On Thursday, California’s District Court for the Northern District of California ruled that Grubhub drivers are not considered employees, but contractors. As a result, food delivery workers do not qualify for worker’s compensation, overtime, minimum wage, or other employee benefits. This case is the first one to rule on the legal relationship between contractors and the digital platforms they are related to.
Raef Lawson, a former Grubhub driver, is the one who brought this case to California court. Lawson is a part-time actor in Los Angeles who drove for Grubhub for four months, starting in 2015.
He began driving for Grubhub because he liked the flexibility of the hours—he could drive for the company and still accommodate his acting schedule. However, Grubhub’s policy that reserves certain higher-earning slots for faster, higher-rated drivers, is essentially assigning workers to certain shifts.

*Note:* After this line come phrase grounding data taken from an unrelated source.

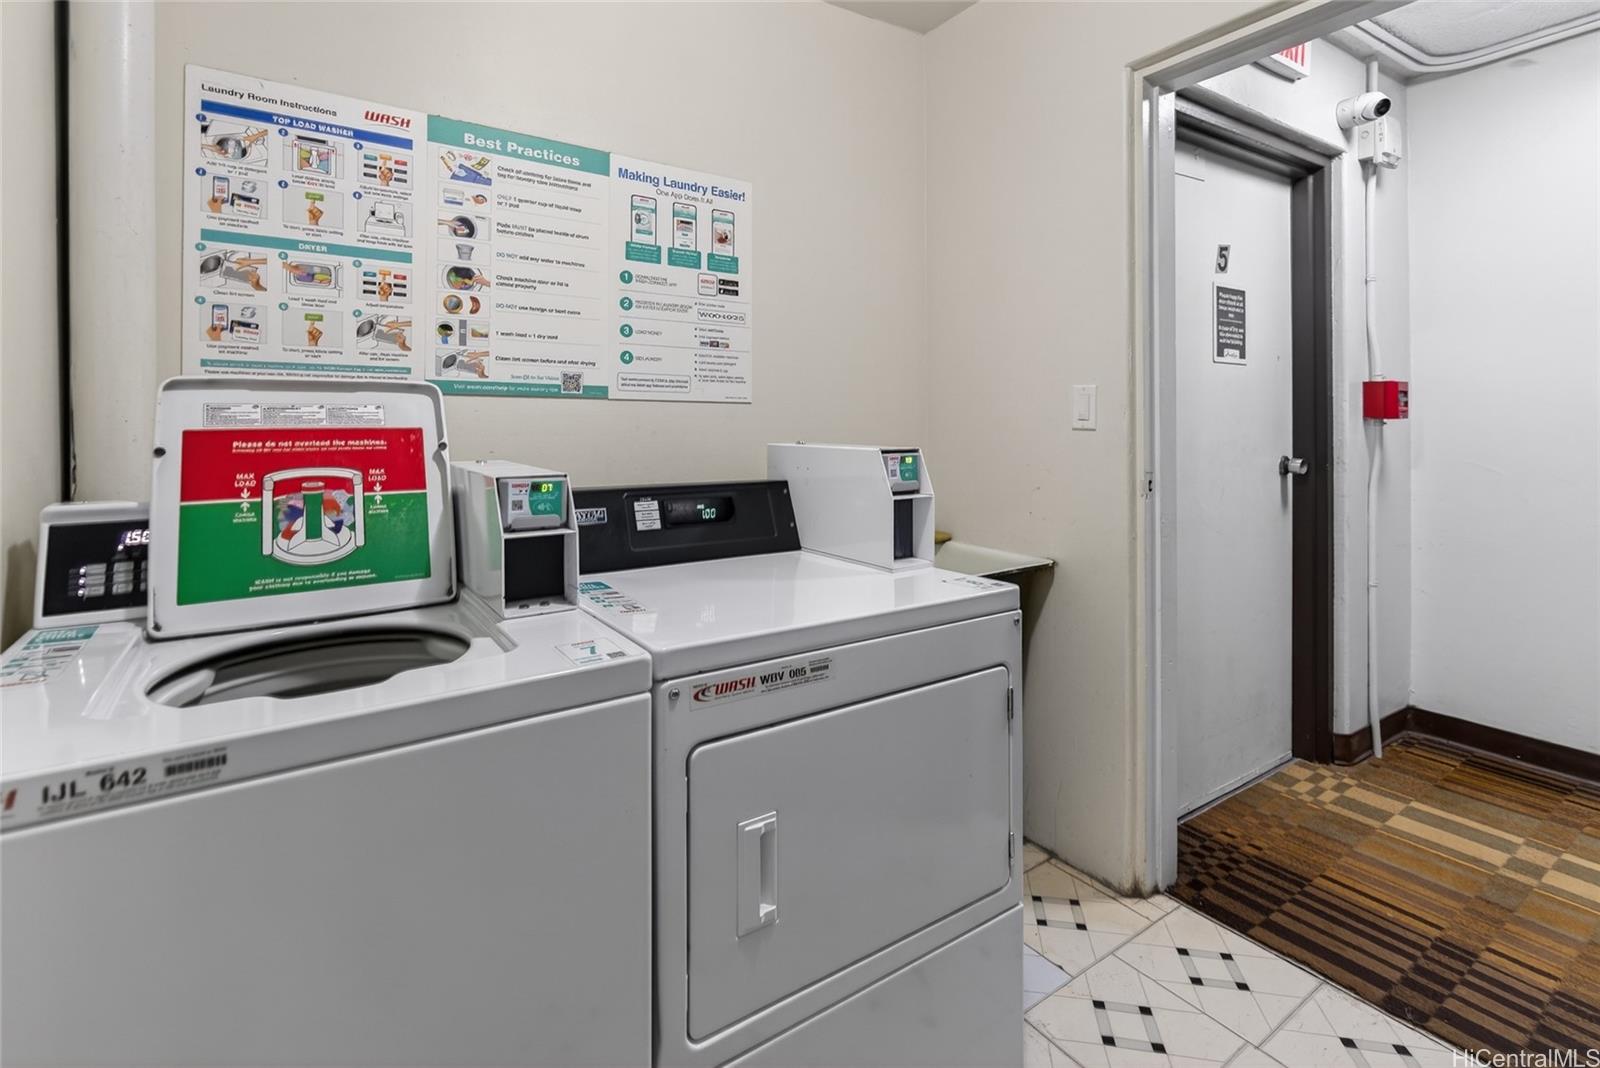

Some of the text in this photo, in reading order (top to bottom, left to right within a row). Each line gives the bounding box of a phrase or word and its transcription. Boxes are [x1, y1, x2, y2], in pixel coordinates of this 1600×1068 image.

[201, 83, 337, 117] Laundry Room Instructions
[273, 115, 354, 137] TOP LOAD WASHER
[365, 110, 410, 129] WASH
[464, 133, 580, 166] Best Practices
[618, 167, 746, 202] Making Laundry Easier!
[656, 188, 669, 196] One
[670, 192, 682, 200] App
[298, 243, 328, 253] DRYER
[1217, 246, 1228, 272] 5
[623, 300, 629, 308] 2
[623, 354, 630, 362] 4
[234, 480, 257, 488] LOAD
[368, 474, 387, 482] LOAD
[541, 483, 553, 493] 07
[714, 677, 756, 695] WASH
[760, 671, 784, 685] WBV
[42, 780, 86, 804] IJL
[99, 767, 147, 791] 642
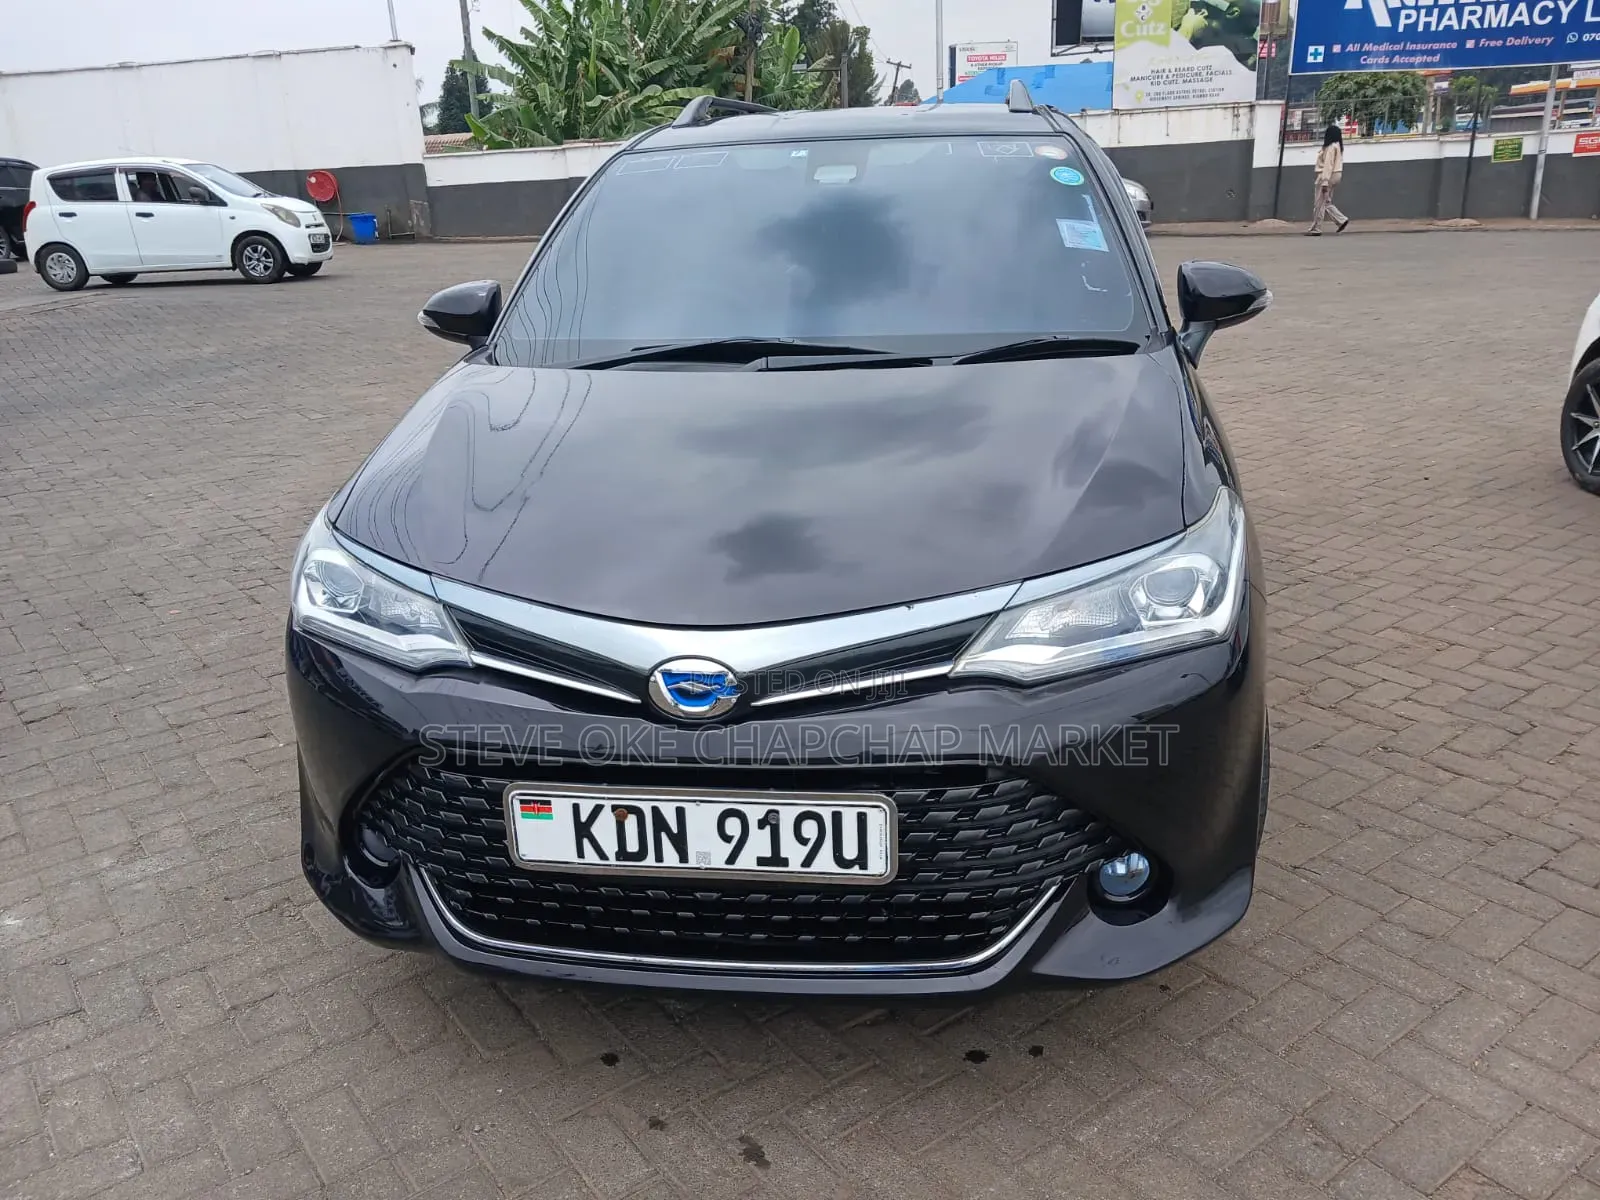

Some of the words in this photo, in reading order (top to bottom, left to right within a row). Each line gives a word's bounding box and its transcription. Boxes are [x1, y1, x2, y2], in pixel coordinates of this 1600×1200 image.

[1397, 0, 1578, 32] PHARMACY
[1120, 20, 1168, 38] Cutz
[1345, 43, 1361, 52] All
[1361, 42, 1403, 52] Medical
[1405, 41, 1458, 51] Insurance
[1479, 38, 1505, 47] Free
[1505, 35, 1555, 46] Delivery
[1360, 55, 1389, 64] Cards
[1390, 53, 1441, 65] Accepted
[1579, 136, 1600, 145] SG
[572, 802, 689, 864] KDN
[716, 807, 869, 871] 919U
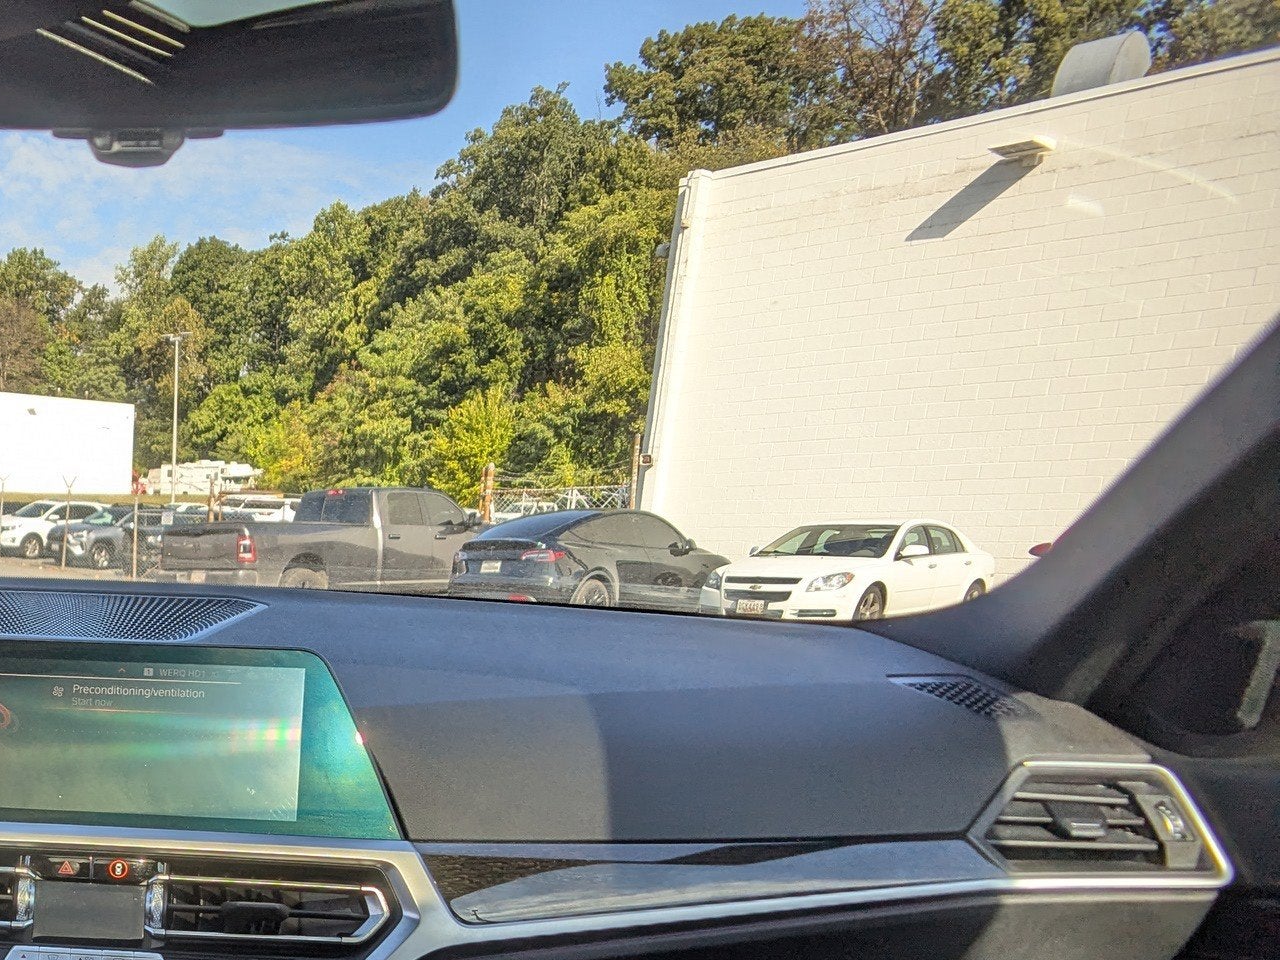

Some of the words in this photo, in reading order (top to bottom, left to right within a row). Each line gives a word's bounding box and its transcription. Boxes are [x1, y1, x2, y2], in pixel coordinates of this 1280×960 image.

[73, 684, 205, 699] Preconditioning/ventilation
[72, 697, 92, 706] Start
[94, 699, 113, 707] now

Lawson argued that this behavior made him a Grubhub employee rather than a contractor, because Grubhub was acting as a boss by controlling his work.
Grubhub countered that the company is not a traditional employer because it simply connects customers, restaurants, and drivers. The judge ruled that Lawson had control over how he made his deliveries, including his own hours and dress code.
This ruling is the first time a gig economy contractor has not passed the Borello test at trial. The Borello test is a common-law standard in California, first established by a case heard in the state Supreme Court in 1989. The test is a question: whether or not the person, or the employer, is controlling how the work is done. It also considers whether the work performed is part of the company’s regular business, if it requires a special skill, and whether or not it can be performed without the participation of the employer.
Lawson plans to appeal this case. If he is successful, food delivery workers and drivers will be able to be considered employees, rather than deliverypeople, and will earn important employee benefits.